More Options Needed for Academy Time

Mia Jay, Staff Writer

While the administration has hounded students about signing up for academy sessions this year, the number of useful and available alternate academy offerings is lacking.

Instead, while students get increasingly frustrated with limited Academy spaces that serve as alternate options to going to teachers’ academies, the administration has focused on problems such as how students are spending their academy time, including a strict no phone policy in the library and teachers tagging students for their academies when needed.

I have seen students unable to find a place to collaborate with peers on school work when the multi-use room is full.

Students are often looking for a study hall to work with people on group projects. However, the library is unavailable to work in groups, and the multi-use room quickly fills up.

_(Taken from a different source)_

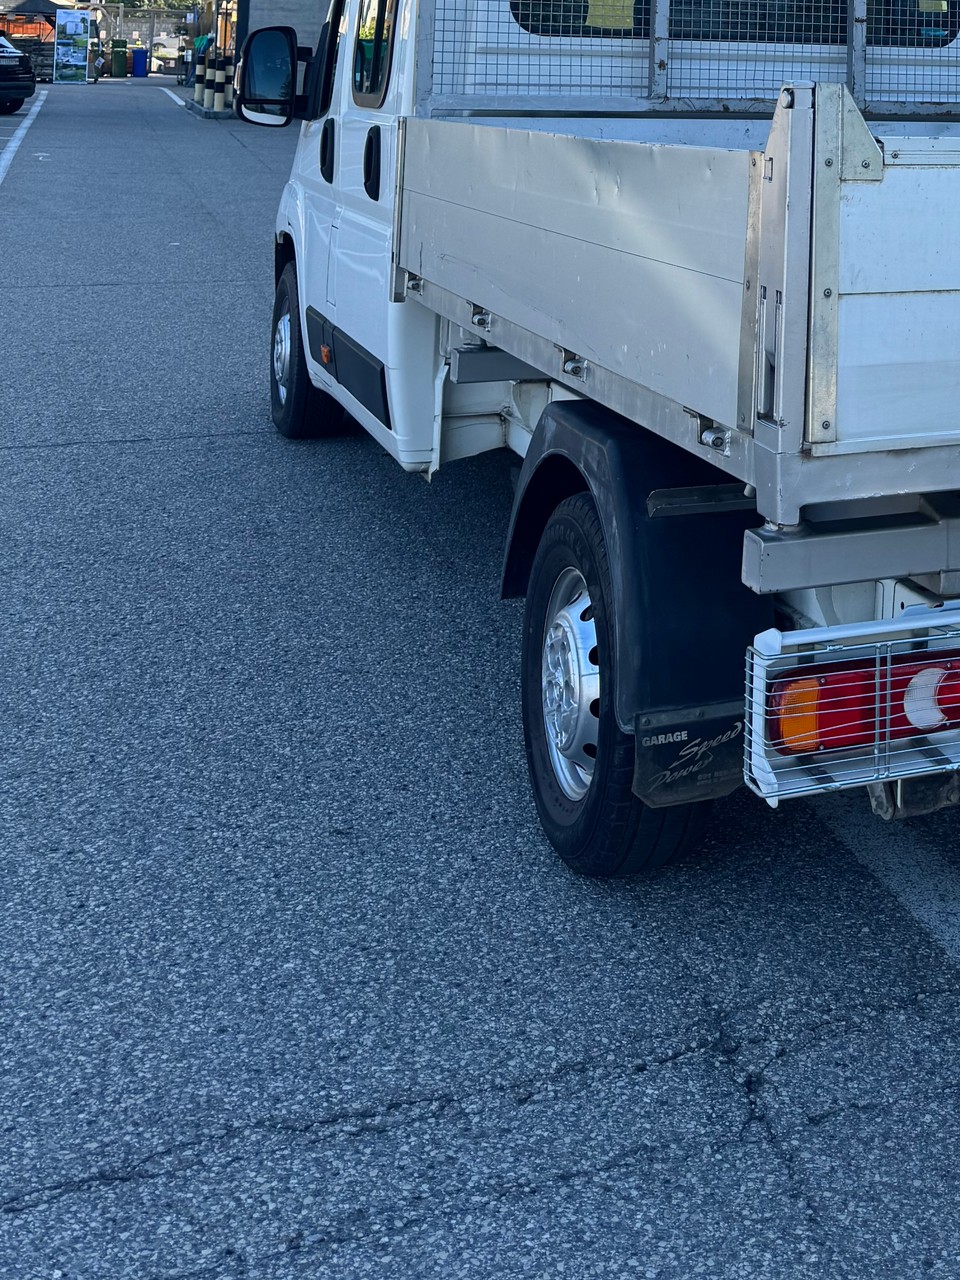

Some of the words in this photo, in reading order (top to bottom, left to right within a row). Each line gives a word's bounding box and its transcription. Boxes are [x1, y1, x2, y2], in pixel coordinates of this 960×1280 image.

[641, 730, 688, 747] GARAGE
[668, 721, 742, 769] Speed
[647, 751, 714, 793] Power

I have sat on my computer on Wednesday mornings, monotonously refreshing the FlexTime App, hoping to catch the moment someone dropped out of an academy.

The multi-use room is often the place where students go when they have nothing to do and want to just hang out. It is unfair that these students take the spots of other students who truly need time to collaborate with classmates.

There need to be more academies that serve a similar purpose to that of the multi-use room, allowing students to interact. I believe an additional collaboration space will prove beneficial to students in the next school year.

Sophomore Haley Hartman said, “I feel like, with the limited academy offerings, you can’t always do exactly what you want to do. Most teachers offer their academies for specific things, so it would be nice to have another study hall to go to because the Library and MUR fill up so fast. I would rather be able to do homework for the classes I want and study for the tests I want,” she said.

There needs to be another academy offering where students can collaborate with other students without the high noise levels and distractions of the MUR or the strict no talking, no phones as resources, and no partner studying that accompanies the library.